Henry David Thoreau stands at the rear of the theatre, silent and still, gradually appearing in spotlight. He is clean-shaven. His dark hair meets the top of his ears and is parted from the left, haphazardly combed over as if wet down with water and left to dry. He is a vigorous thirty years old, thin, and just below average height. He is wearing black corduroy pants, sensible, sturdy black leather shoes suitable for long walks, a light-weight jacket and a long-sleeve white cotton shirt open at the collar. He has dressed carelessly, a man indifferent to his appearance. His clothing is worn. There is dust on his boots and around the cuffs of his pants from a long walk in the woods, but he is otherwise clean. He walks with assurance. His posture is erect.
His eyes are fixed on the cabin. He appears not to notice the audience. He walks slowly, deliberately, toward the stage. He approaches the cabin, carefully examining it. He stops at the door, hands clasped behind him in contemplation. He turns slowly to the audience, only now acknowledging that they are there. His eyebrows rise in astonishment, and a bemused half-frown spreads across his face as he surveys them. He smiles slowly, chuckling to himself, shaking his head in disbelief.
I had no idea. I used to live here. This is my house – at least it looks like my house. But it couldn't be. I'd heard that it had been rebuilt, in exactly same spot as the original, with the doorway looking down toward Walden Pond, and that even I wouldn't be able to tell the new one from the original, but I didn't believe it. I'm still not sure I believe it.

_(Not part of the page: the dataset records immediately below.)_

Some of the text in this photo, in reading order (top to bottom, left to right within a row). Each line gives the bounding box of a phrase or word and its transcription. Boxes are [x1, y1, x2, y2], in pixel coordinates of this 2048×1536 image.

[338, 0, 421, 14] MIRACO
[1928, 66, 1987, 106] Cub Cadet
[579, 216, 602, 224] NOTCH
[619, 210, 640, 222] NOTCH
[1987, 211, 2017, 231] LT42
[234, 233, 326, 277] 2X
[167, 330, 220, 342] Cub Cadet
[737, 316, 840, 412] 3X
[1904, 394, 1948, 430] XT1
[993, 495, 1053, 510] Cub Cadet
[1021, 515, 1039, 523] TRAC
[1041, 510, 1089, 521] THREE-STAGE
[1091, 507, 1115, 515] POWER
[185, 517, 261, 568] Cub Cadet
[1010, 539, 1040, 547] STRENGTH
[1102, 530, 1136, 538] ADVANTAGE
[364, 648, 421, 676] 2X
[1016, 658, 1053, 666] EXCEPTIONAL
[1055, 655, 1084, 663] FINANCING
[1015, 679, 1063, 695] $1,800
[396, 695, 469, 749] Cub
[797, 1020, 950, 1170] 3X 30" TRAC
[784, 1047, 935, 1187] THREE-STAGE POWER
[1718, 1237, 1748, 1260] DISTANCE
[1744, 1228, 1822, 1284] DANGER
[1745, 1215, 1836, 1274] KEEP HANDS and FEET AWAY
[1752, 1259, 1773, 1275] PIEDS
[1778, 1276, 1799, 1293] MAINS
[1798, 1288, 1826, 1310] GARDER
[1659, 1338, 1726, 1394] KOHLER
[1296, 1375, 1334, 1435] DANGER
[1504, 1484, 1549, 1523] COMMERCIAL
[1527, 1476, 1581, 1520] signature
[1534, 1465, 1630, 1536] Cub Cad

The one that I built has been gone for more than a century, but every board, every shingle, looks just as it was then –
He examines the surface of the wood with his hands.

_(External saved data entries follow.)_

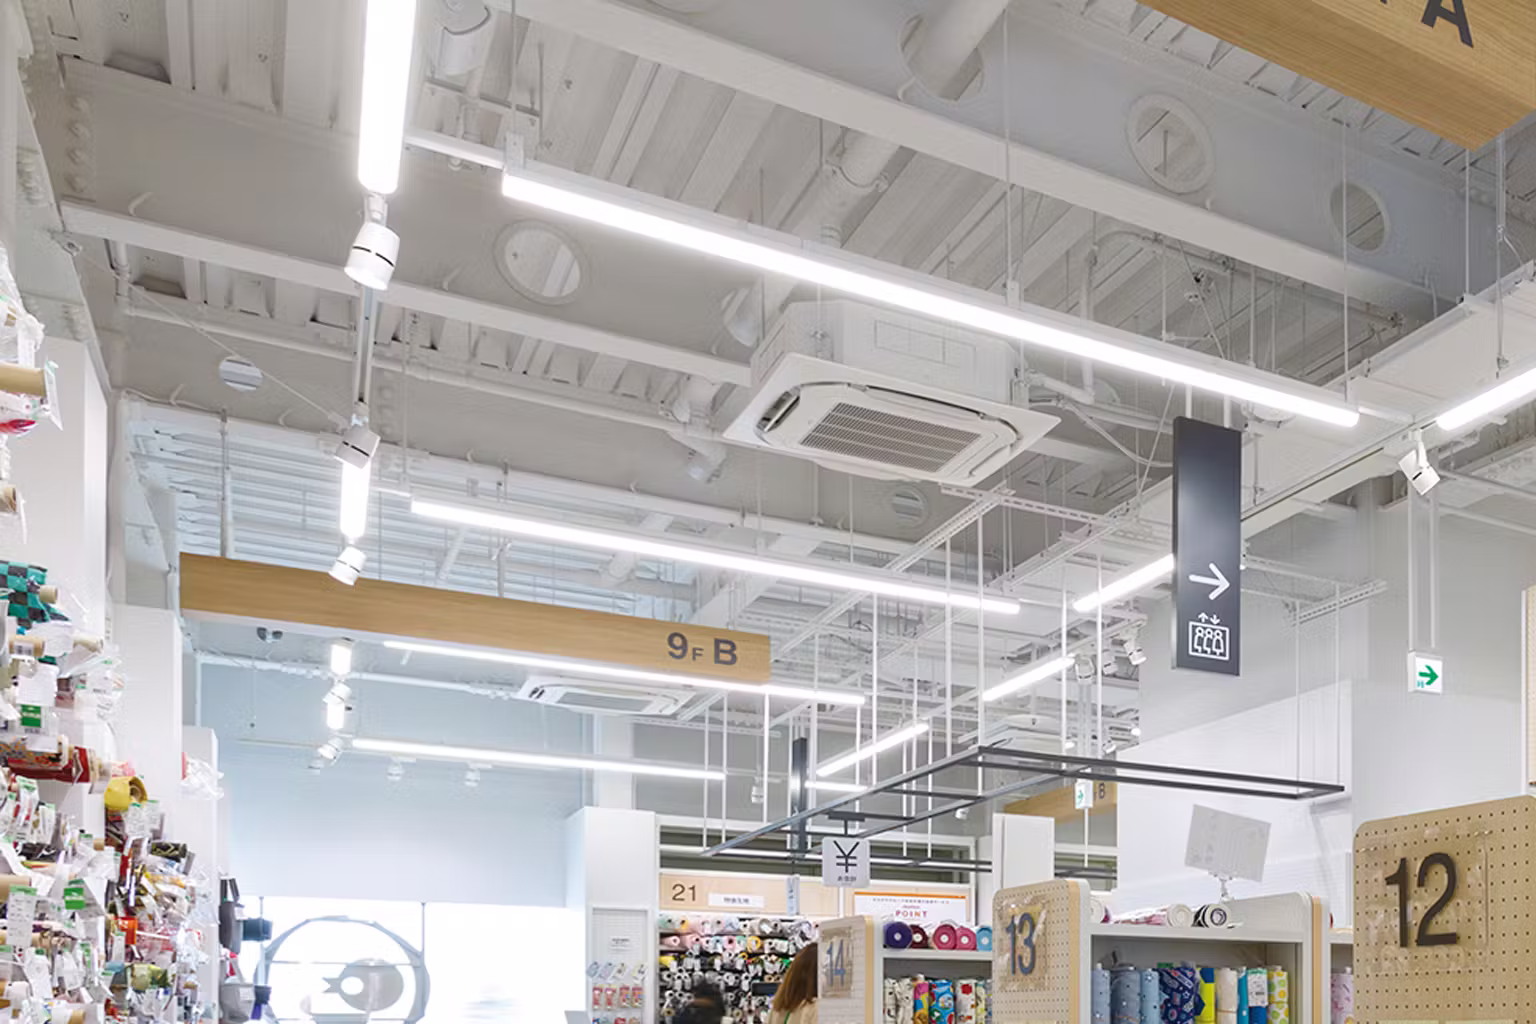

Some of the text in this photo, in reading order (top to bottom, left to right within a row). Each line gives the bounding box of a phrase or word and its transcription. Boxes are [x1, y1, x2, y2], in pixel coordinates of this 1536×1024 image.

[713, 638, 738, 666] B
[671, 883, 696, 902] 21
[1384, 852, 1458, 948] 12
[895, 910, 928, 918] POINT
[826, 939, 847, 987] 14
[1005, 912, 1036, 976] 13

– even the nails are right. I knew that every year hundreds of people, just like you, came here to walk the paths through Walden Woods, but this....
I was twenty-seven years old when I built a cabin here in 1845. I only had a handful of visitors then – I preferred solitude - but now, seeing all of you here, seeing this, lifts my heart. Welcome. It's a great comfort for a man to see that he's left something behind that endures, even if it's just a few trails through the woods for others to follow without fear of losing their way. Your age has lost its way, you know. So had mine. Prosperous ages have a way of convincing us that our spiritual needs can be met by worldly means. We strive to find our place in the world, but in the end it's the world that finds its place in us. Worldly prosperity binds our spirits. It keeps us from soaring. That's why I came here: so I could soar. So I could breathe freely as the first man. So I could shake from my boots the dust and grit that Mr. Jefferson didn't foresee in his 'Pursuit of Happiness'.
My parents first brought me here when I was five years old. This woodland vision for a long time made the drapery of my dreams. I can't remember a time when my soul didn't feel the tug of these woods, their silence and stillness.
During the two years I lived here Edgar Allen Poe published The Raven, Samuel Morse sent the first telegraph message, Giuseppe Verdi's Macbeth debuted in Florence, and the first recorded baseball game was played. I had greater matters to attend to: I was planting a bean field just beyond the cabin, over there, and watching it grow.
He smiles broadly. He pauses to look through the doorway, shaking his head in disbelief.
Men and monuments don't endure though. It's ideas that endure. For many years this spot was marked by only a small pile of stones, each one left by a visitor. A sufficient monument to any man's memory, I think. The first cabin was removed several years after I left here, about 1850. It was bought by the Estabrook family and taken on wheels to their farm on the old Carlisle Road, just north of here. They used it to store corn and beans, but I prefer to think it also sheltered squirrels and blue jays. It pleases me just as well to know that the work of my hands has sheltered an animal as it does to know that the work of my mind has sheltered a man.
He surveys the audience, then realizes he has forgotten something.
Oh… Pardon my manners. They're a little rusty. Waldo Emerson used to tell me I spent too much time in my own company – maybe I did.
Permit me to introduce myself. My name is Henry David Thoreau. It's pronounced THU – row, not Thu – ROW, but most people get it wrong. Actually, David Henry, but I prefer the fine New England ring of Henry to the biblical David. Not that I have anything against the Bible – my mother had me memorize large portions of it as a child, and I'd have done anything for her. I'll take the truth wherever I find it, as long as I'm convinced it is the truth. Never much liked anybody telling me what I should think. Still don't. But I digress…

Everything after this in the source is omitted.